Writing the code naively yields a compareTo() methods which could look like this:
public int compareTo(Object o) {
Query other = (Query) o;
int s1 = references.size();
int s2 = other.references.size();
if (s1 == s2) {
return 0;
}
return s1 - s2;
}
Doing so seems OK as equality and sorting are done on two separate fields, so far so good.
However, whenever is put in a TreeSet or a TreeMap, it is catastrophic: the implementation of these classes consider that if compareTo returns 0, then the elements are equal. In this case, it would mean that each object with identical number of references are indeed 'equal' objects, which is obviously not the case.
A better compareTo() method could be:
public int compareTo(Object o) {
Query other = (Query) o;
// important to match equals!!!
if (this.equals(other)) {
return 0;
}
int s1 = references.size();
int s2 = other.references.size();
if (s1 == s2) {
return -1; // not 0, they are NOT equal!
}
return s1 - s2;
}
Some collections will assume that if two objects follow obj1.compareTo(obj2) = 0 then obj1.equals(obj2) is also true. For example: sorted TreeSet.

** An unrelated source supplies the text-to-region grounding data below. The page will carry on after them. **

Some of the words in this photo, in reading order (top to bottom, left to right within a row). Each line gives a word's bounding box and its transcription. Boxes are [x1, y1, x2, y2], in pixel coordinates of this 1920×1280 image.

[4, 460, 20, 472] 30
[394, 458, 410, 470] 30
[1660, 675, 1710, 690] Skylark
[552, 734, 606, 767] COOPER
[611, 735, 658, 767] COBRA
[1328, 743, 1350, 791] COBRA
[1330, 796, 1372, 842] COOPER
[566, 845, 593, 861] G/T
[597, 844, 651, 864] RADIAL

Failing to meet this logic will result in an iconsistent collection. See:
Comparator and equals().
I have a TreeSet containing wrappers which store a Foo object at a certain position, defined like so:
class Wrapper implements Comparable<Wrapper> {
private final Foo foo;
private final Double position;
...
#Override boolean equals(Object o) {
...
if(o instanceof Wrapper)
return o.getFoo().equals(this.foo);
if(o instanceof Foo)
return o.equals(this.foo);
}
#Override public int compareTo(MarkerWithPosition o) {
return position.compareTo(o.getPosition());
}
}
NavigableSet<Wrapper> fooWrappers = new TreeSet<Wrapper>();
because I want my TreeSet to be ordered by position but searchable by foo. But when I perform these operations:
Foo foo = new Foo(bar);
Wrapper fooWrapper = new Wrapper(foo, 1.0);
fooWrappers.add(fooWrapper);
fooWrapper.equals(new Wrapper(new Foo(bar), 1.0));
fooWrapper.equals(new Foo(bar));
fooWrappers.contains(fooWrapper);
fooWrappers.contains(new Wrapper(foo, 1.0));
fooWrappers.contains(new Wrapper(new Foo(bar), 1.0));
fooWrappers.contains(new Wrapper(foo, 2.0));
fooWrappers.contains(foo);
I get:
true
true
true
true
true
false
Exception in thread "main" java.lang.ClassCastException: org.gridqtl.Marker cannot be cast to java.lang.Comparable
at java.util.TreeMap.getEntry(TreeMap.java:325)

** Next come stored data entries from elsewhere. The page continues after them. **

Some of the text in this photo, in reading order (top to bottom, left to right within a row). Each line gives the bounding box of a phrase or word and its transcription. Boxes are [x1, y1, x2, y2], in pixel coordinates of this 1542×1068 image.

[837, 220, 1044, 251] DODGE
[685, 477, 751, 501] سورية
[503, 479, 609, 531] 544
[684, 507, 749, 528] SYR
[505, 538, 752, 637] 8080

at java.util.TreeMap.containsKey(TreeMap.java:209)
at java.util.TreeSet.contains(TreeSet.java:217)
when I expecting them all to return true, so it seems like TreeSet.contains is not using my equals method as the API suggests. Is there another method I need to overwrite?

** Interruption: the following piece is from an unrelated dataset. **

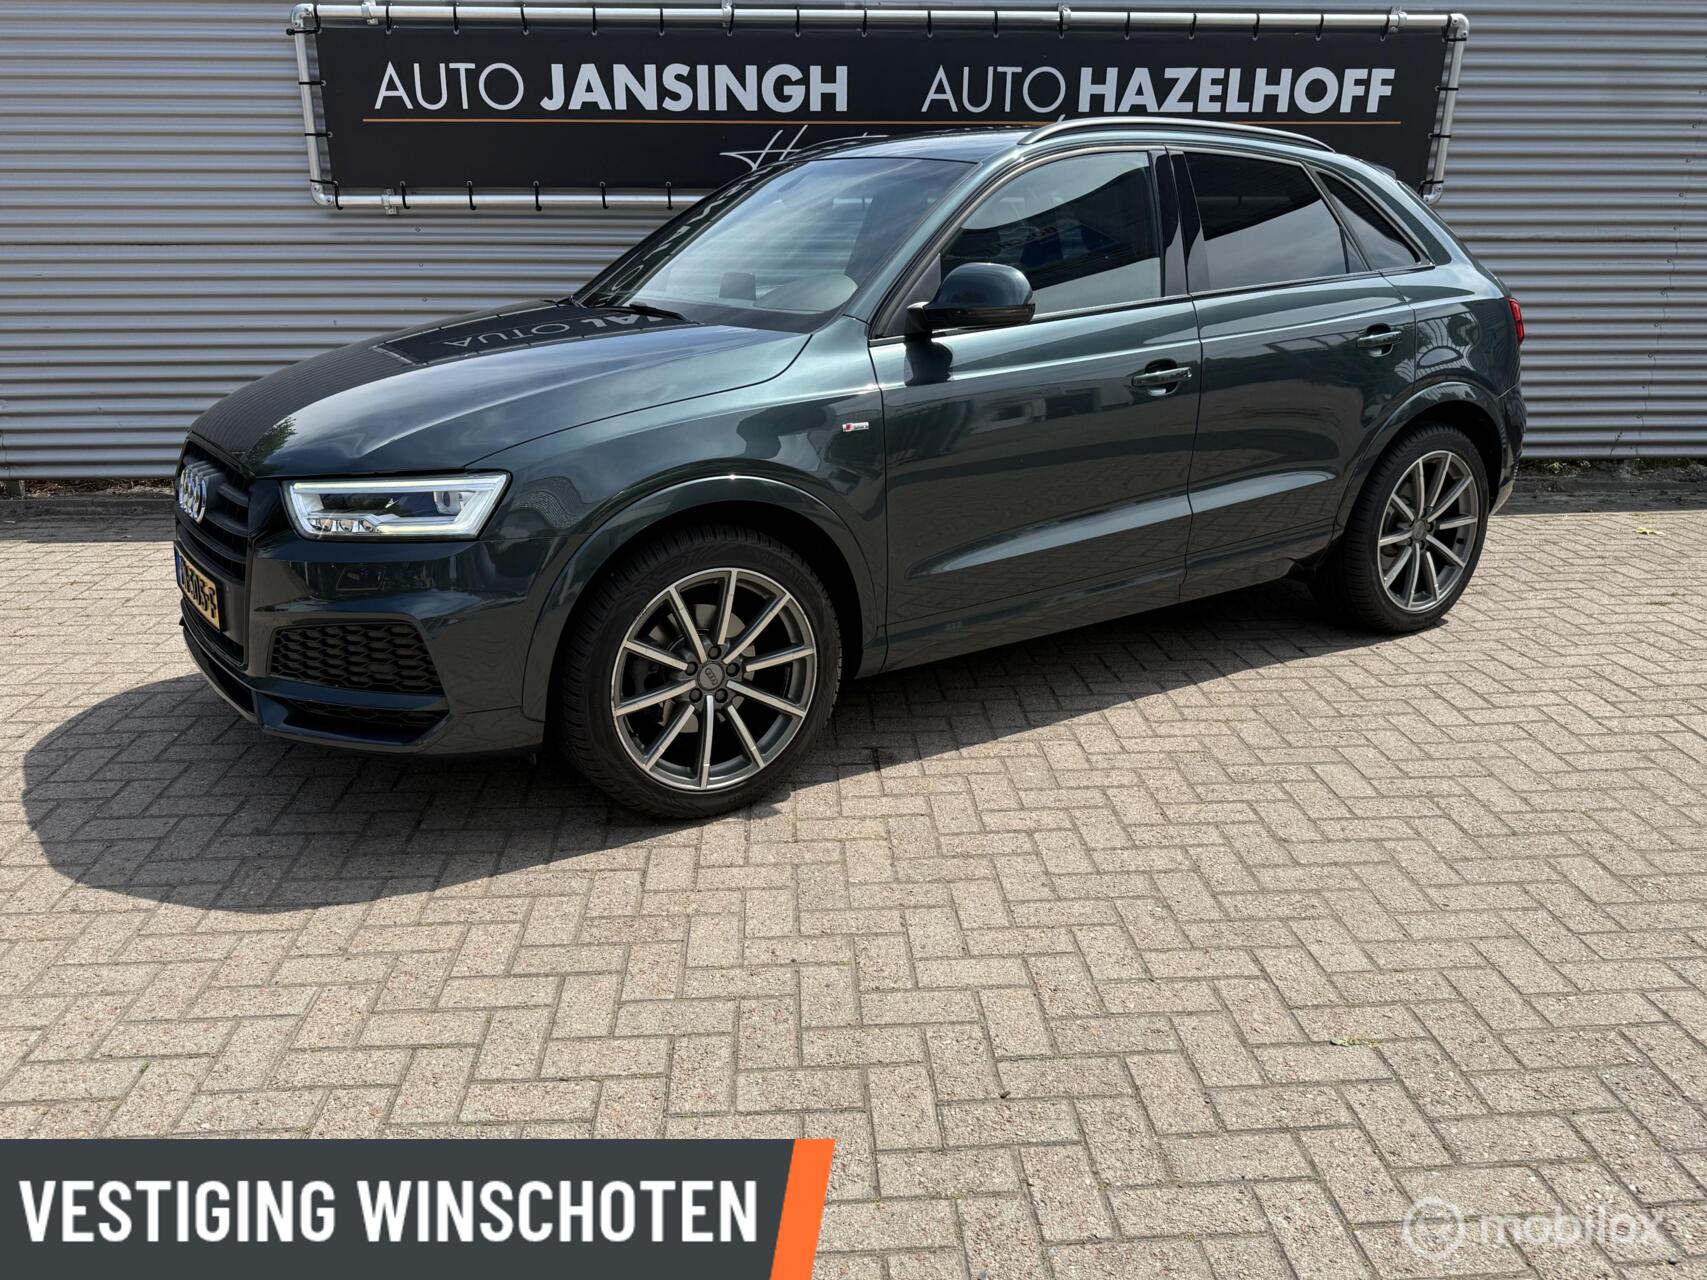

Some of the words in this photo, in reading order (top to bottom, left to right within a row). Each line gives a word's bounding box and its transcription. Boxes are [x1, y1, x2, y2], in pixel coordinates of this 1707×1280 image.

TreeSet is a Set implementation that does indeed use compareTo, as explained in the javadoc - emphasis mine:
Note that the ordering maintained by a set (whether or not an explicit comparator is provided) must be consistent with equals if it is to correctly implement the Set interface. (See Comparable or Comparator for a precise definition of consistent with equals.) This is so because the Set interface is defined in terms of the equals operation, but a TreeSet instance performs all element comparisons using its compareTo (or compare) method, so two elements that are deemed equal by this method are, from the standpoint of the set, equal. The behavior of a set is well-defined even if its ordering is inconsistent with equals; it just fails to obey the general contract of the Set interface.
TreeSet is an ordered set.
equals cannot give you ordering information, hence TreeSet has to use something else.
This 'something else' is Comparable interface, or its cousin Comparator interface.
Both interfaces provide an information about how to order 2 objects of a class.